Roscoe is a city in central Edmunds County, South Dakota, United States. The population was 269 at the 2020 census.

Roscoe was laid out in 1877, and named in honor of Roscoe Conkling, a United States Senator from New York.

==Geography==

According to the United States Census Bureau, the city has a total area of 0.47 sqmi, all land.

===Climate===

Climate data for Roscoe, South Dakota (1991−2020 normals, extremes 1935−present)
| Month | Jan | Feb | Mar | Apr | May | Jun | Jul | Aug | Sep | Oct | Nov | Dec | Year |
| Record high °F (°C) | 59 (15) | 68 (20) | 83 (28) | 94 (34) | 102 (39) | 107 (42) | 112 (44) | 108 (42) | 102 (39) | 93 (34) | 77 (25) | 62 (17) | 112 (44) |
| Mean daily maximum °F (°C) | 21.4 (−5.9) | 26.1 (−3.3) | 38.7 (3.7) | 54.2 (12.3) | 66.9 (19.4) | 76.8 (24.9) | 82.8 (28.2) | 81.4 (27.4) | 72.6 (22.6) | 56.7 (13.7) | 39.8 (4.3) | 26.4 (−3.1) | 53.7 (12.1) |
| Daily mean °F (°C) | 12.3 (−10.9) | 16.4 (−8.7) | 28.3 (−2.1) | 42.1 (5.6) | 54.9 (12.7) | 65.5 (18.6) | 70.8 (21.6) | 68.8 (20.4) | 59.6 (15.3) | 45.0 (7.2) | 29.9 (−1.2) | 17.8 (−7.9) | 42.6 (5.9) |
| Mean daily minimum °F (°C) | 3.2 (−16.0) | 6.7 (−14.1) | 17.9 (−7.8) | 29.9 (−1.2) | 43.0 (6.1) | 54.2 (12.3) | 58.7 (14.8) | 56.2 (13.4) | 46.6 (8.1) | 33.3 (0.7) | 19.9 (−6.7) | 9.2 (−12.7) | 31.6 (−0.2) |
| Record low °F (°C) | −37 (−38) | −34 (−37) | −24 (−31) | 1 (−17) | 17 (−8) | 29 (−2) | 38 (3) | 36 (2) | 21 (−6) | −2 (−19) | −19 (−28) | −35 (−37) | −37 (−38) |
| Average precipitation inches (mm) | 0.54 (14) | 0.66 (17) | 0.95 (24) | 1.84 (47) | 3.16 (80) | 3.70 (94) | 3.24 (82) | 2.30 (58) | 1.91 (49) | 1.79 (45) | 0.69 (18) | 0.64 (16) | 21.42 (544) |
| Average snowfall inches (cm) | 8.1 (21) | 8.8 (22) | 7.3 (19) | 5.8 (15) | 0.1 (0.25) | 0.0 (0.0) | 0.0 (0.0) | 0.0 (0.0) | 0.0 (0.0) | 2.3 (5.8) | 5.9 (15) | 8.7 (22) | 47.0 (119) |
| Average precipitation days (≥ 0.01 in) | 6.9 | 6.6 | 6.6 | 8.1 | 10.7 | 11.8 | 9.9 | 8.0 | 7.4 | 7.4 | 5.5 | 6.2 | 95.1 |
| Average snowy days (≥ 0.1 in) | 7.3 | 6.9 | 4.6 | 2.4 | 0.1 | 0.0 | 0.0 | 0.0 | 0.0 | 1.3 | 3.7 | 6.7 | 33.0 |
Source: NOAA

==Demographics==

Historical population
| Census | Pop. | Note | %± |
| 1890 | 114 |  | — |
| 1900 | 92 |  | −19.3% |
| 1910 | 357 |  | 288.0% |
| 1920 | 459 |  | 28.6% |
| 1930 | 491 |  | 7.0% |
| 1940 | 608 |  | 23.8% |
| 1950 | 726 |  | 19.4% |
| 1960 | 532 |  | −26.7% |
| 1970 | 398 |  | −25.2% |
| 1980 | 370 |  | −7.0% |
| 1990 | 362 |  | −2.2% |
| 2000 | 324 |  | −10.5% |
| 2010 | 329 |  | 1.5% |
| 2020 | 269 |  | −18.2% |
U.S. Decennial Census

===2020 census===

As of the 2020 census, Roscoe had a population of 269. The median age was 40.5 years. 24.5% of residents were under the age of 18 and 21.6% of residents were 65 years of age or older. For every 100 females there were 89.4 males, and for every 100 females age 18 and over there were 89.7 males age 18 and over.

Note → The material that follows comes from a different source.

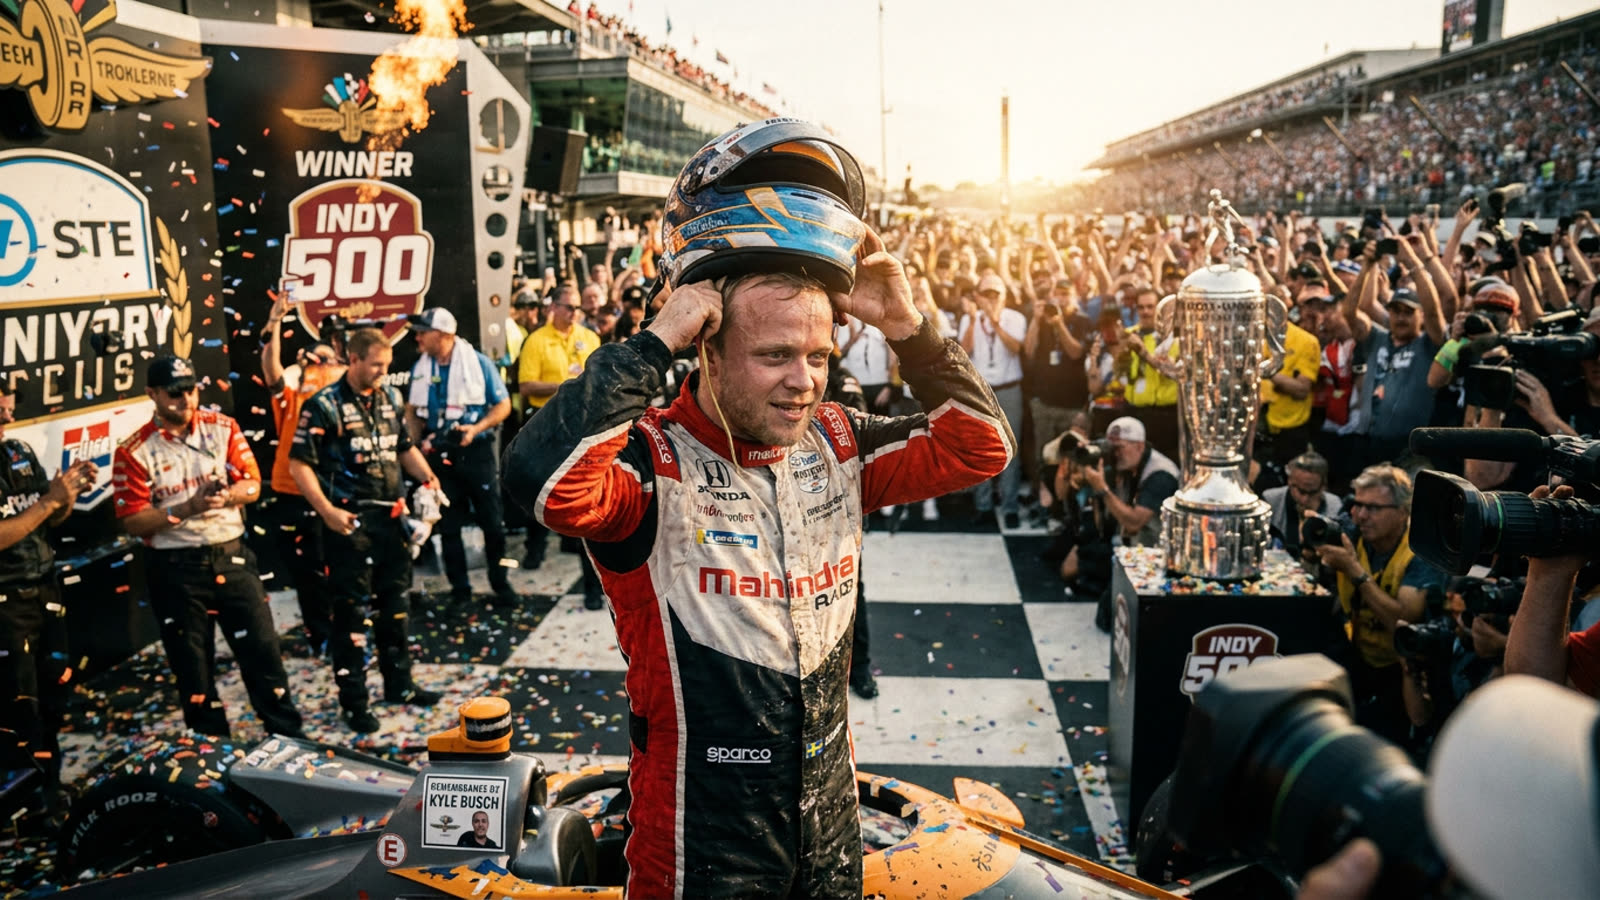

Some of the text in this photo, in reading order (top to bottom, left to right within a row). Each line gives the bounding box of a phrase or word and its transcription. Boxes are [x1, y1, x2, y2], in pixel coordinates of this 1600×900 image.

0.0% of residents lived in urban areas, while 100.0% lived in rural areas.

There were 128 households in Roscoe, of which 25.8% had children under the age of 18 living in them. Of all households, 45.3% were married-couple households, 22.7% were households with a male householder and no spouse or partner present, and 28.9% were households with a female householder and no spouse or partner present. About 41.5% of all households were made up of individuals and 22.7% had someone living alone who was 65 years of age or older.

There were 163 housing units, of which 21.5% were vacant. The homeowner vacancy rate was 0.0% and the rental vacancy rate was 10.0%.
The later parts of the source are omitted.